**WHAT IS EXPECTED:**
The answer must be the full listing, reproduced without any change.

- - -

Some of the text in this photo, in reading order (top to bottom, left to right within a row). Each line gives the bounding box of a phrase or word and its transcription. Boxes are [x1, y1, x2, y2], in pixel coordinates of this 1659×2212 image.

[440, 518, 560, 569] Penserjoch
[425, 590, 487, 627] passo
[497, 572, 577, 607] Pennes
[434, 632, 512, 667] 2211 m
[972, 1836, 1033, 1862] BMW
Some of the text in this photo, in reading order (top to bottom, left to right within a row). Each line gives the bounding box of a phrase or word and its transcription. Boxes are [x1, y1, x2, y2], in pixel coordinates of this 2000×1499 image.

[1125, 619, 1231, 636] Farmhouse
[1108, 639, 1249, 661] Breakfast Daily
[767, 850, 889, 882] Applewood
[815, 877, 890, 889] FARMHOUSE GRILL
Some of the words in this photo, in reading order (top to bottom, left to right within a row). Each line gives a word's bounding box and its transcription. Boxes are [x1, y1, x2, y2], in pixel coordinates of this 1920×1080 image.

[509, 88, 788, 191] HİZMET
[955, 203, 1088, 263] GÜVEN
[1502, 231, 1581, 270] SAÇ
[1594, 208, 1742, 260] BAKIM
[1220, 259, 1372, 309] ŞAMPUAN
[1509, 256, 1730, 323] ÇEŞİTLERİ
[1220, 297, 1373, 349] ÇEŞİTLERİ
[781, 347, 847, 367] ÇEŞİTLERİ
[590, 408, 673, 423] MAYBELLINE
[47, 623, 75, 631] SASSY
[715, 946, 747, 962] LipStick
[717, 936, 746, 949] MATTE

- - -

**EXERCISE SOLUTION:**
Some of the text in this photo, in reading order (top to bottom, left to right within a row). Each line gives the bounding box of a phrase or word and its transcription. Boxes are [x1, y1, x2, y2], in pixel coordinates of this 1659×2212 image.

[440, 518, 560, 569] Penserjoch
[425, 590, 487, 627] passo
[497, 572, 577, 607] Pennes
[434, 632, 512, 667] 2211 m
[972, 1836, 1033, 1862] BMW
Some of the text in this photo, in reading order (top to bottom, left to right within a row). Each line gives the bounding box of a phrase or word and its transcription. Boxes are [x1, y1, x2, y2], in pixel coordinates of this 2000×1499 image.

[1125, 619, 1231, 636] Farmhouse
[1108, 639, 1249, 661] Breakfast Daily
[767, 850, 889, 882] Applewood
[815, 877, 890, 889] FARMHOUSE GRILL
Some of the words in this photo, in reading order (top to bottom, left to right within a row). Each line gives a word's bounding box and its transcription. Boxes are [x1, y1, x2, y2], in pixel coordinates of this 1920×1080 image.

[509, 88, 788, 191] HİZMET
[955, 203, 1088, 263] GÜVEN
[1502, 231, 1581, 270] SAÇ
[1594, 208, 1742, 260] BAKIM
[1220, 259, 1372, 309] ŞAMPUAN
[1509, 256, 1730, 323] ÇEŞİTLERİ
[1220, 297, 1373, 349] ÇEŞİTLERİ
[781, 347, 847, 367] ÇEŞİTLERİ
[590, 408, 673, 423] MAYBELLINE
[47, 623, 75, 631] SASSY
[715, 946, 747, 962] LipStick
[717, 936, 746, 949] MATTE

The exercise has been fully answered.